An army spokesman declared the armed response a success, saying the militants “were confined to two areas and eliminated”. The attack leaves the government’s year-long effort to use the prospect of peace talks to avoid a military confrontation with the Tehreek-e-Taliban Pakistan (TTP) in tatters.
Revenge attack
TTP spokesman Shahidullah Shahid said the talks had been a sham and the attack was revenge for the killing of Hakimullah Mehsud in November. The former TTP chief was killed by a CIA drone strike on November 1st. “Pakistan used peace talks as a tool of war, it killed hundreds of innocent tribal women and children. This is our first attack to avenge the death of Hakimullah Mehsud,” he told Agence France-Presse.
“We have yet to take revenge for the deaths of hundreds of innocent tribal women and children in Pakistani air strikes. It’s just the beginning. We have taken revenge for one. We have to take revenge for hundreds.”
In recent weeks, the army has launched what it described as retaliatory air strikes and limited ground operations in north Waziristan, a tribal “agency” bordering Afghanistan that serves as an important sanctuary for the TTP.
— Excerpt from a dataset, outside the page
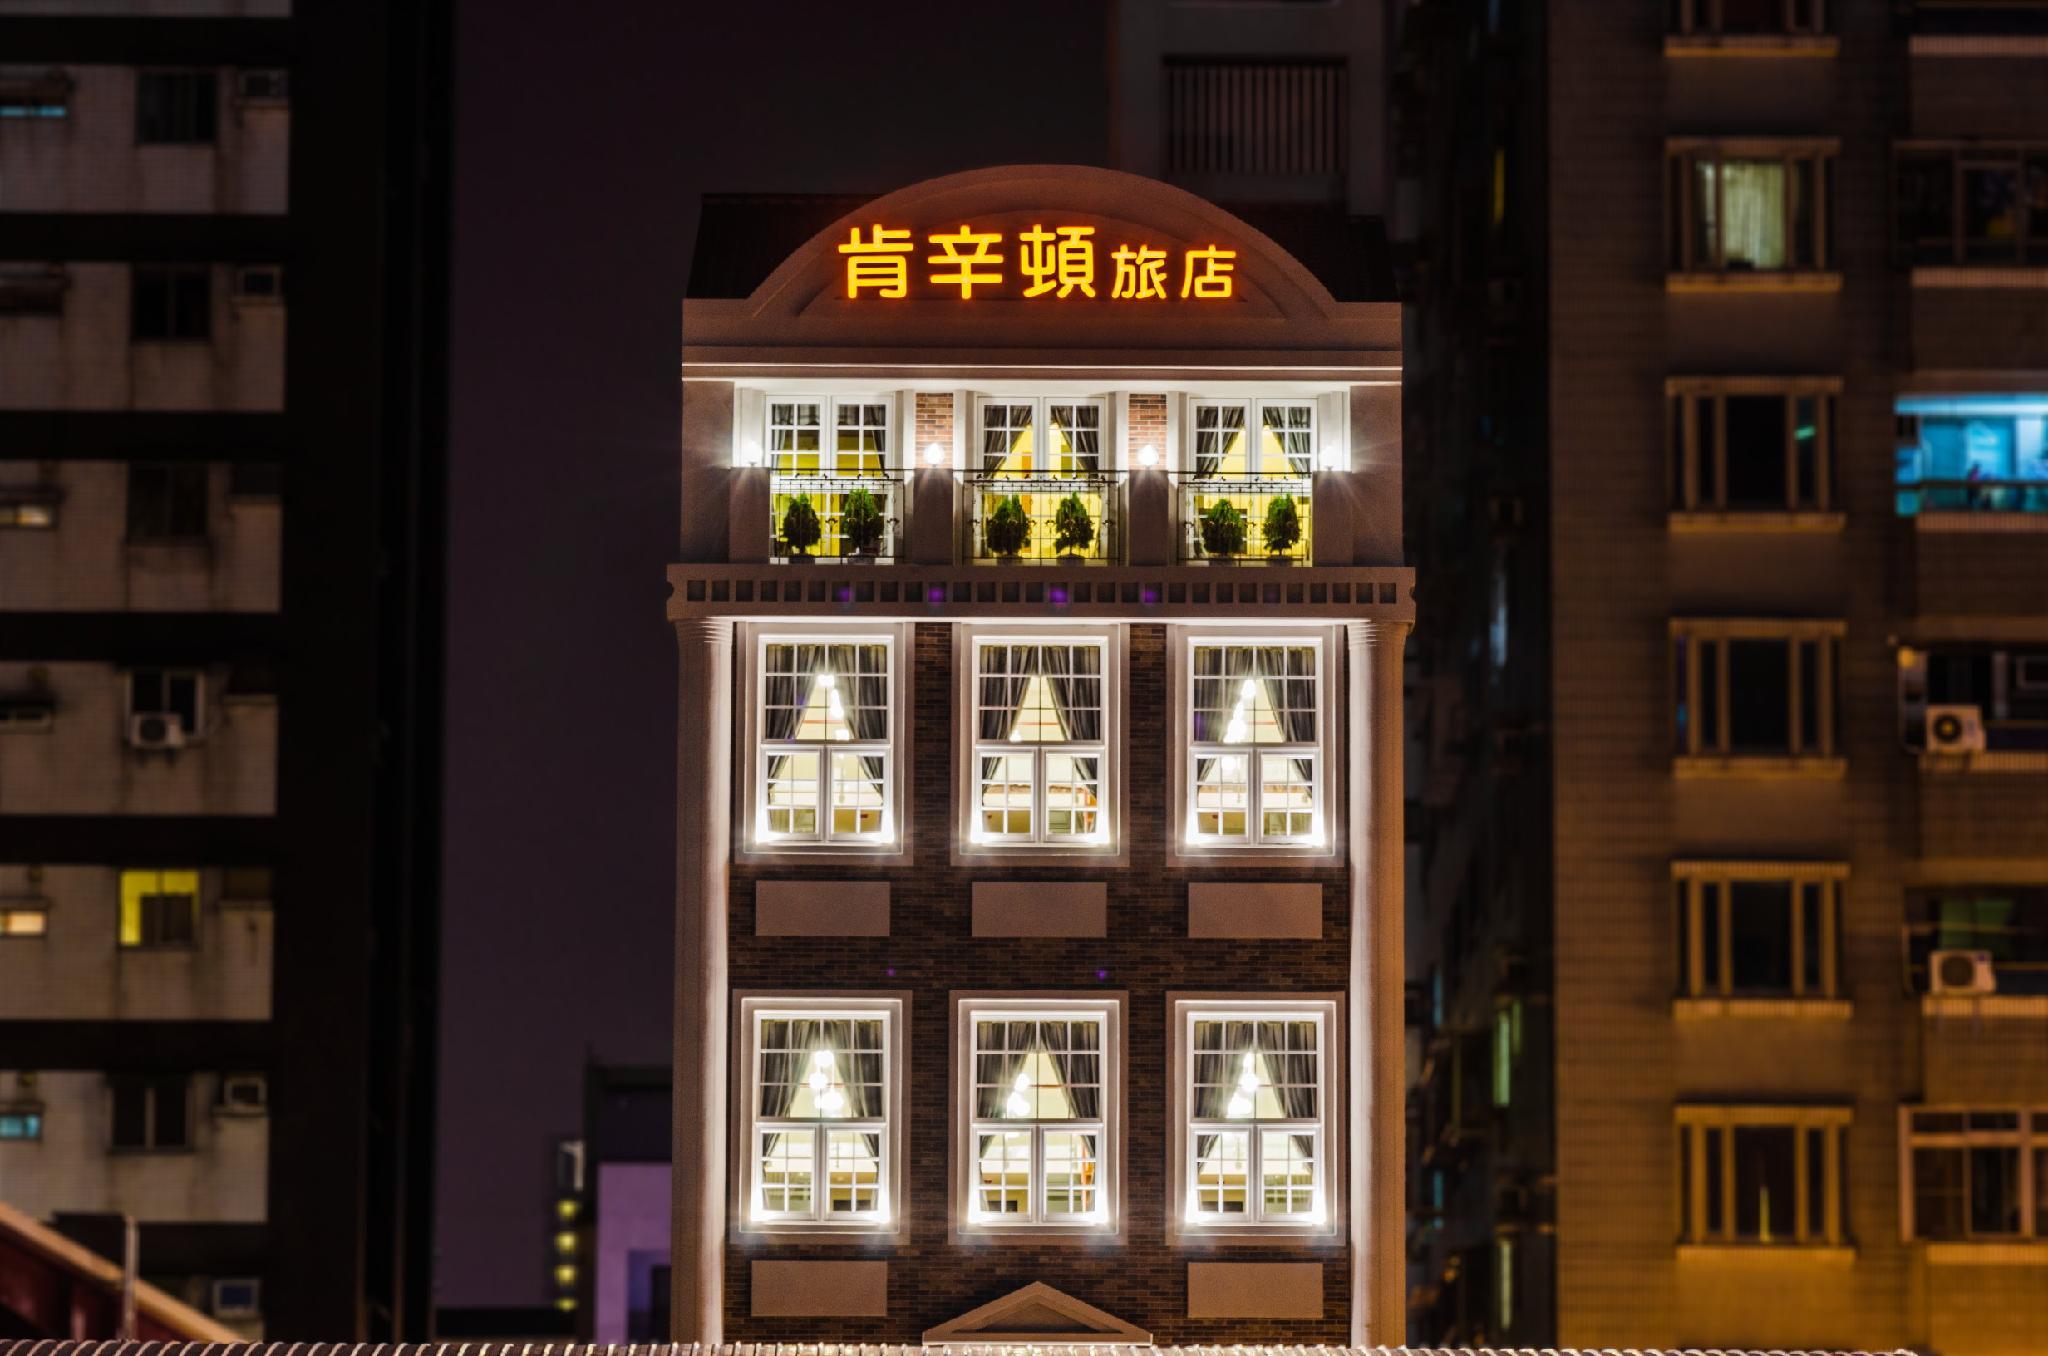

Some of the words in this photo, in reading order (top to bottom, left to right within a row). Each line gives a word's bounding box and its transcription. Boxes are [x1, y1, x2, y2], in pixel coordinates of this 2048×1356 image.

[837, 223, 1237, 299] 肯辛頓旅店
The government had doggedly pressed on with peace talk efforts despite earlier attacks, even as government and TTP intermediaries began holding discussions earlier in the year. But the six-hour assault on the airport of Pakistan’s economic hub is one of the most serious the country has suffered for years.
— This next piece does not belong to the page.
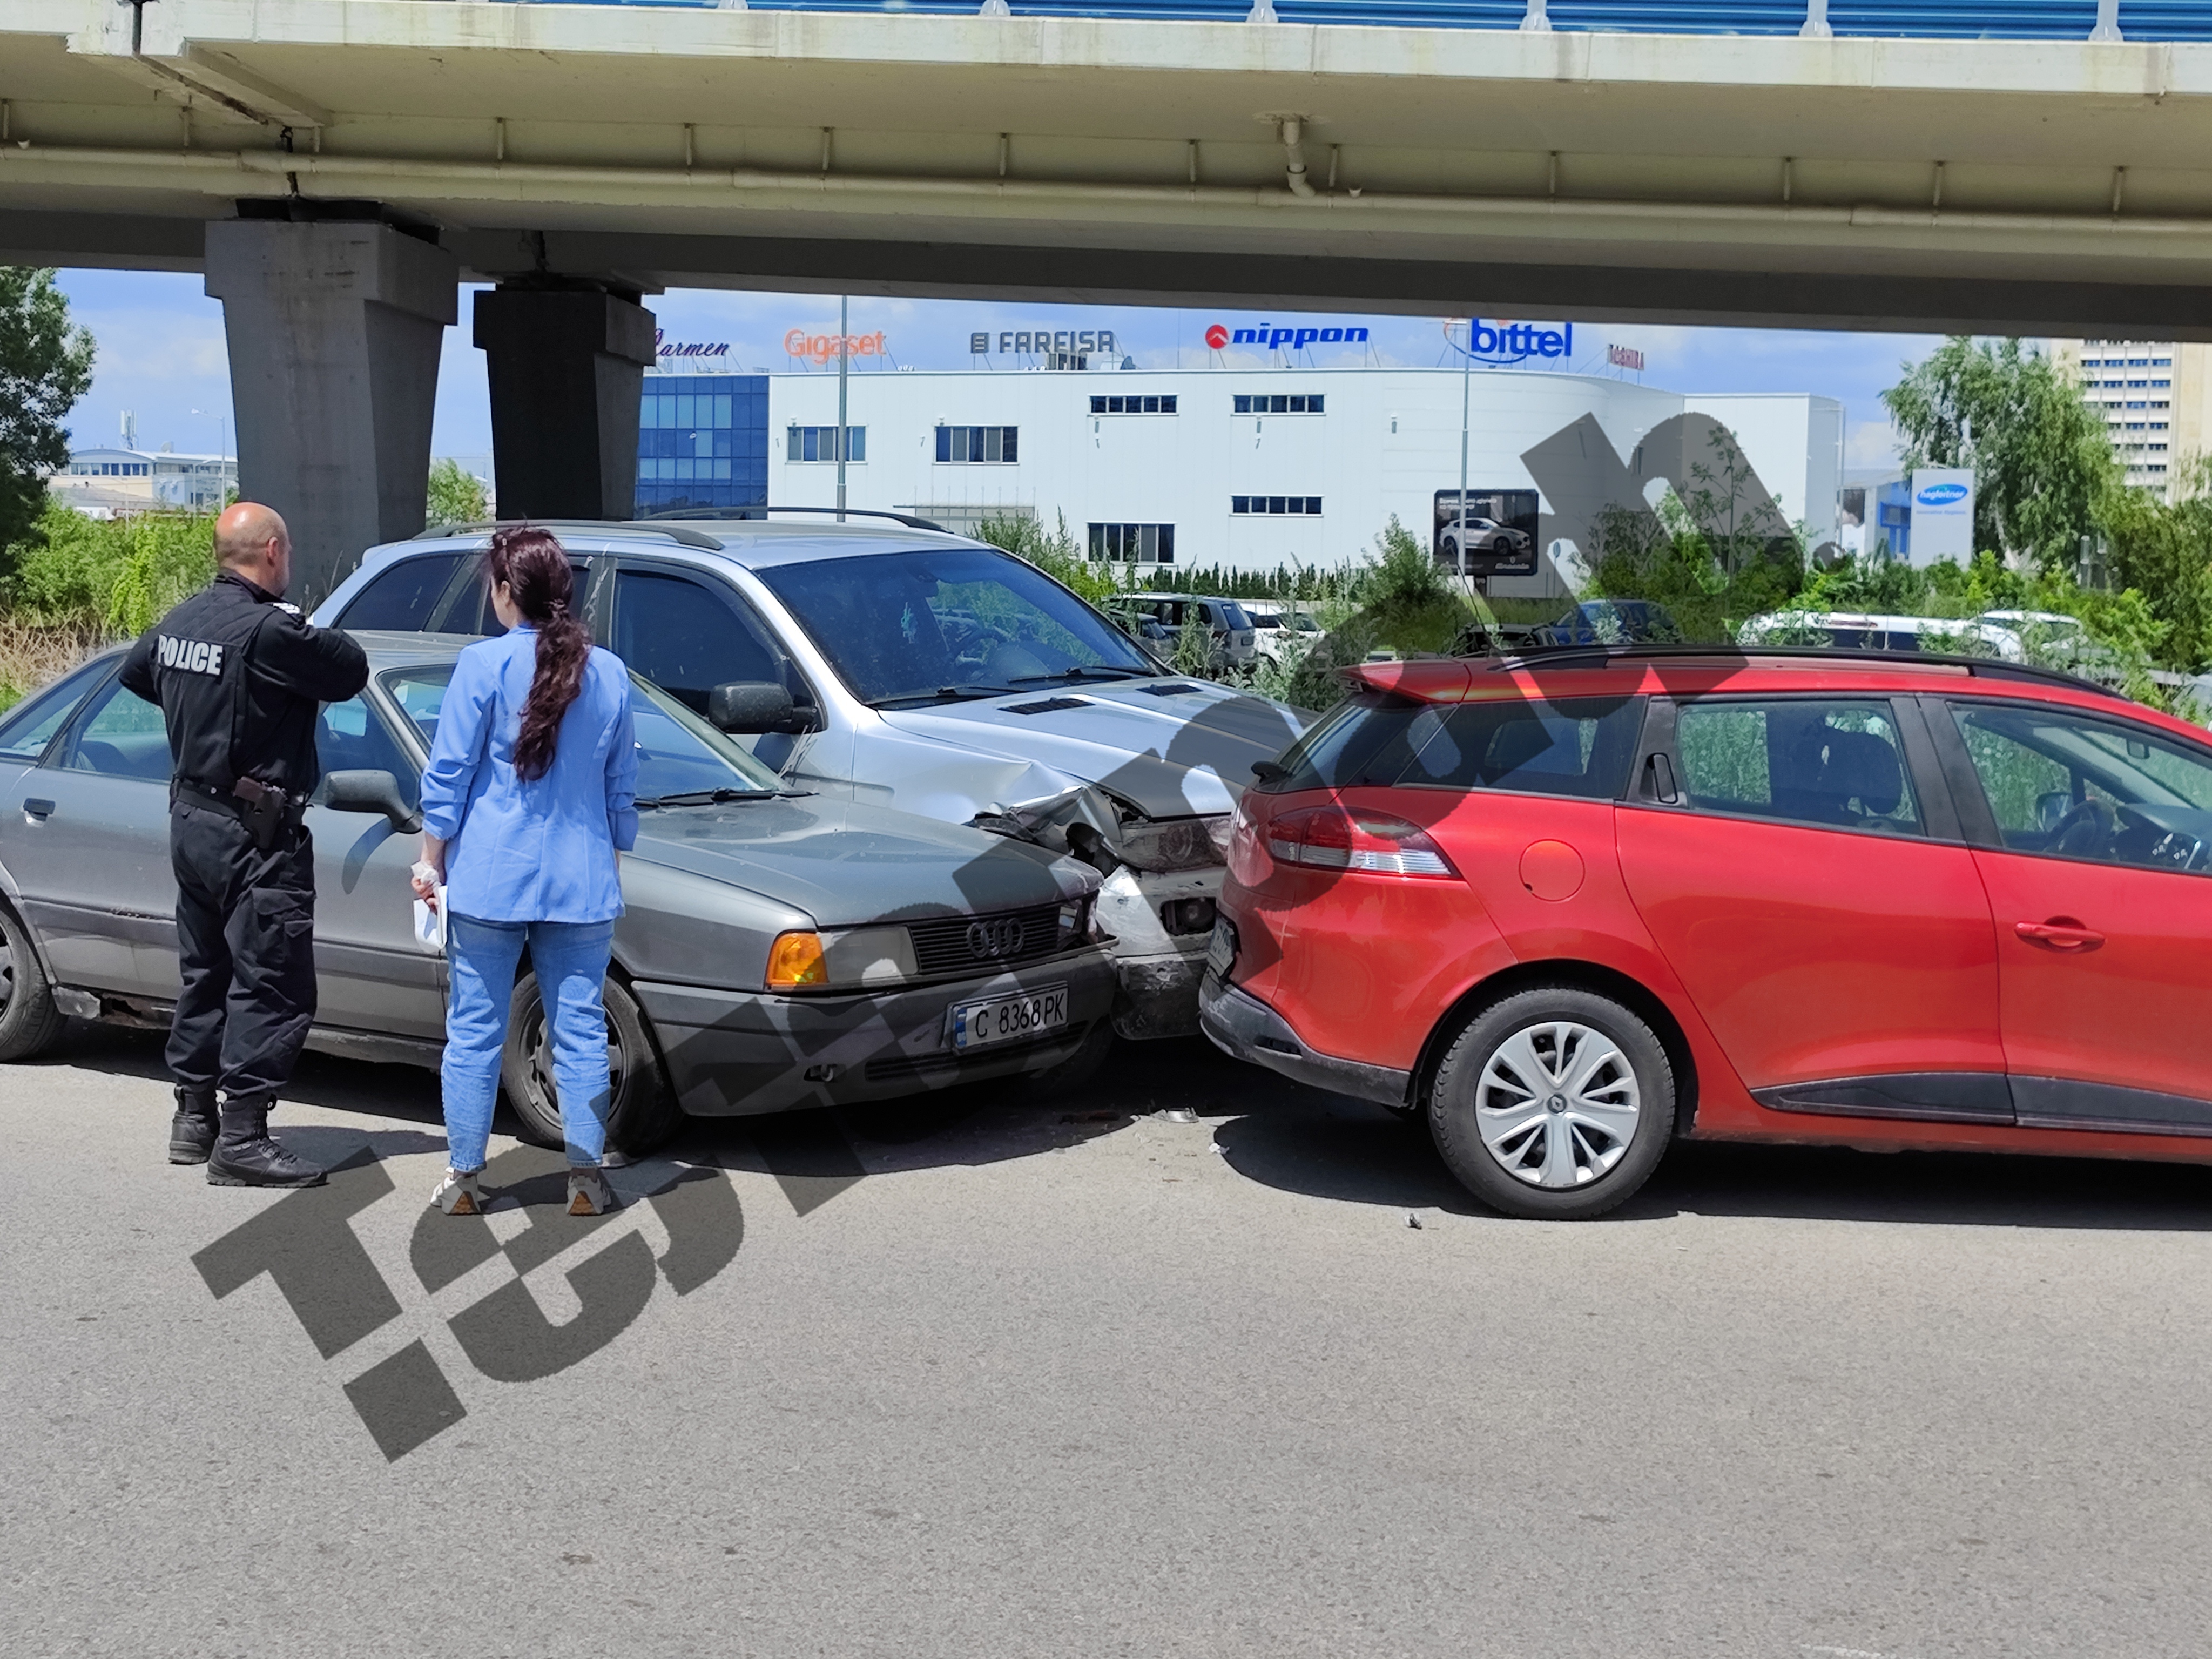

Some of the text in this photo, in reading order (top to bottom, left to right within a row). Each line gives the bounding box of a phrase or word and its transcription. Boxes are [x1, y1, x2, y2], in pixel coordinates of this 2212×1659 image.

It could provide the prime minister, Nawaz Sharif, the political space he needs to back army demands for military operations in north Waziristan, a policy bitterly opposed by right-wing opposition parties, particularly Imran Khan's Pakistan Tehreek-e-Insaf (PTI).
Twin teams
The attack began shortly before midnight – a busy time for both domestic and international flights – when 10 men armed with assault rifles and rocket-propelled grenades fought their way through two entrances to the airport. One team stormed a small terminal used for VIPs, including the prime minister and foreign dignitaries, while the other appeared to enter through a gate used for accessing a maintenance area. Security officials speculated that the group, which reportedly included suicide bombers, had hoped to hijack a plane but became pinned down before they were able to reach any airliners.
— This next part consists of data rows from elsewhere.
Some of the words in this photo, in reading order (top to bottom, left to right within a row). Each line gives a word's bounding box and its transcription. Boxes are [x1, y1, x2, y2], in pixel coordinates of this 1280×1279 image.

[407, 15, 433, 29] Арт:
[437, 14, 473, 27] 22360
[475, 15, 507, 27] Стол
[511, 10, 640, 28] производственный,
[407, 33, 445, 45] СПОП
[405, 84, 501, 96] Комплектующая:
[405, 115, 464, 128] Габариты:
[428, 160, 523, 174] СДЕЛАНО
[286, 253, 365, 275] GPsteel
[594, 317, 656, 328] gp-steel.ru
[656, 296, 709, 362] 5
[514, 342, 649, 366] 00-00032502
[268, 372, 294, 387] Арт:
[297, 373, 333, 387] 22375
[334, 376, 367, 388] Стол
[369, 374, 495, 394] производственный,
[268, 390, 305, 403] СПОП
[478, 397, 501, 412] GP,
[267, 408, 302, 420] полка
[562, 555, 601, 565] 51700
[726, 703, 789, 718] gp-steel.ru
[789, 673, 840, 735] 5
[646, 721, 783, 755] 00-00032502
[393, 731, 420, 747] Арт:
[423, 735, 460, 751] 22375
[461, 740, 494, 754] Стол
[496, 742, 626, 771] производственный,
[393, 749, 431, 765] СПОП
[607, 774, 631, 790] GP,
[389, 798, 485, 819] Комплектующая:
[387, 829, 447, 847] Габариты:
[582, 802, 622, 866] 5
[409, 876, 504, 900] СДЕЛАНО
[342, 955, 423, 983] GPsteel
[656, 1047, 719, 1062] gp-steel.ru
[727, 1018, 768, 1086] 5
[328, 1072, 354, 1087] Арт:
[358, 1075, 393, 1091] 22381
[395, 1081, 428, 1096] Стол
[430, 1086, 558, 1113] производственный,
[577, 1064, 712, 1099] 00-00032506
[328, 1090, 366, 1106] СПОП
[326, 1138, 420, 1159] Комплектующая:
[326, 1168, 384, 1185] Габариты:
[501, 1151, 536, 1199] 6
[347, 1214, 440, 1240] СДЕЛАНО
The dead included eight airport security members, two officials from the paramilitary Rangers, one police officer and three staff from state carrier Pakistan International Airlines.
Broken glass and spent gun magazines littered the engineering section where the first exchange of gunfire took place as smoke from grenade attacks began to die down. “I heard fierce firing and then saw the terrorists firing at security force . . . Thank God I am alive, this is very scary,” said airport employee Sarmad Hussain.
The attack is an embarrassing blow to the government on several levels. It will once again highlight concerns that the country is unable to protect extremely sensitive targets from militant groups fighting against the Pakistani state.
The attack comes just three years after the Mehran naval airbase, three miles from the airport, suffered a similar attack when a team of militants killed 10 military personnel and destroyed two aircraft. The group also carried out a raid on Pakistan’s military headquarters in the garrison city of Rawalpindi in 2009, leaving 23 dead including 11 troops and three hostages.
Security measures at the airport have been criticised in the past. The road passing through the outer perimeter of the main terminal is guarded by security forces armed with dowsing rods.
The attack could also deal a huge blow to business confidence, which had begun to perk up following the election of industrialist Nawaz Sharif as prime minister. Sharif’s faction of the Pakistan Muslim League is anxious to attract foreign investors back to Pakistan, many of whom were scared away from the country by a sharp deterioration in internal security.
Karachi, the home of key industries including finance, is particularly important for the economic growth he vowed to deliver. Sharif has long wanted to attract foreign airlines back to Pakistan, including British Airways, which cut its services following terrorist attacks.– (Guardian service)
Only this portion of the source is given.